Optimization strategy of combined thermal-storage-photovoltaic economic operation considering deep peak load regulation demand

Abstract

Due to the randomness and uncertainty of renewable energy output and the increasing capacity of its access to power system, the deep peak load regulation of power system has been greatly challenged. The application of energy storage unit is a measure to reduce the peak load regulation pressure of thermal power units. In this paper, a joint optimal scheduling model of photovoltaic, energy storage units and thermal power units is established. The impacts of energy storage system on operation economy and photovoltaic abandonment are studied. The comprehensive operation cost measuring the operation economy considers the fuel cost that changes with the power in a quadratic function relationship, the startup-shutdown cost that changes linearly according to the number of start-shut actions, the compensation cost of deep peak load regulation according to the power block where the output locates in and the photovoltaic abandonment cost.
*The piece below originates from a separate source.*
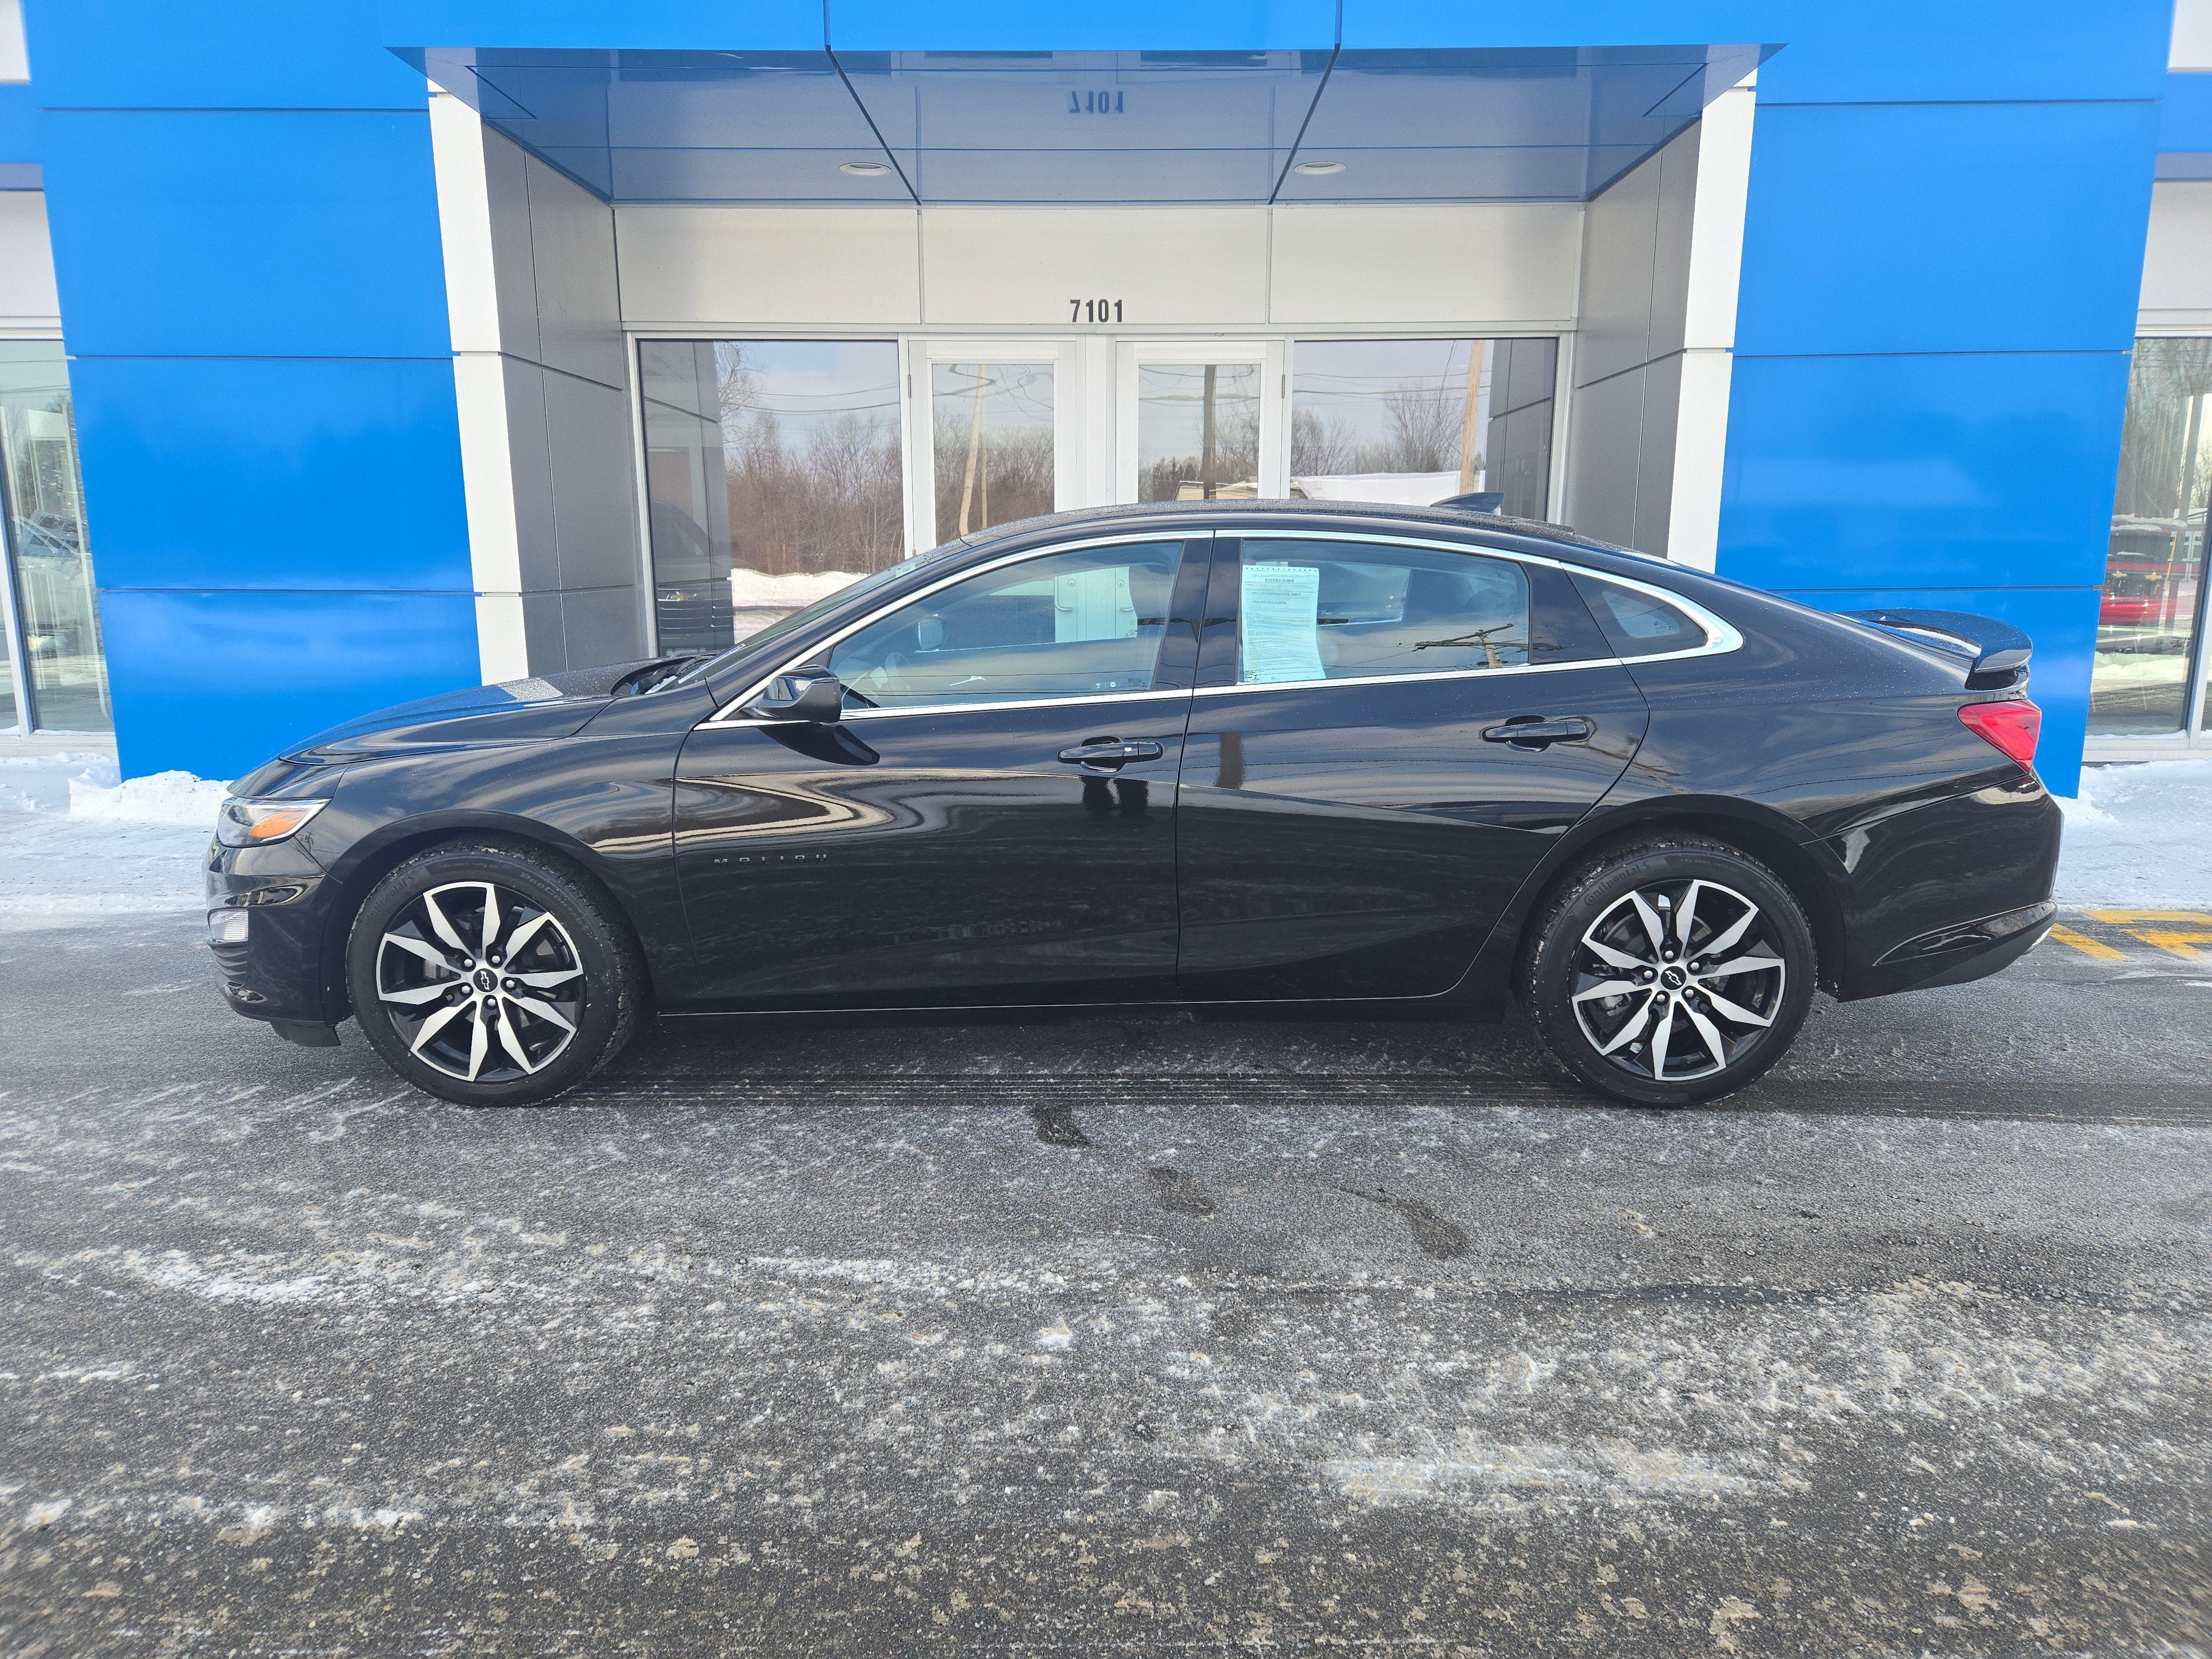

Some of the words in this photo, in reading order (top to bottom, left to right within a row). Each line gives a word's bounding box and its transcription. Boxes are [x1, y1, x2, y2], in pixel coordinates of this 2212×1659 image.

[1070, 299, 1122, 323] 7101
[713, 853, 827, 867] MALIBU
[1584, 864, 1641, 906] Continental
The optimal scheduling model takes the minimization of comprehensive cost as the objective function, and the operation constraints of photovoltaic, energy storage units and thermal power units as the feasible range. The rolling optimization strategy is applied to solve the multi-time scale results. A real prefecture-level urban power system with seventy-four thermal power units is taken as an example. Different amounts of energy storage units are set for analysis. In the case assumed in this paper, the results show that enough energy storage configuration can improve the operation economy and reduce the load loss and photovoltaic abandonment to almost zero.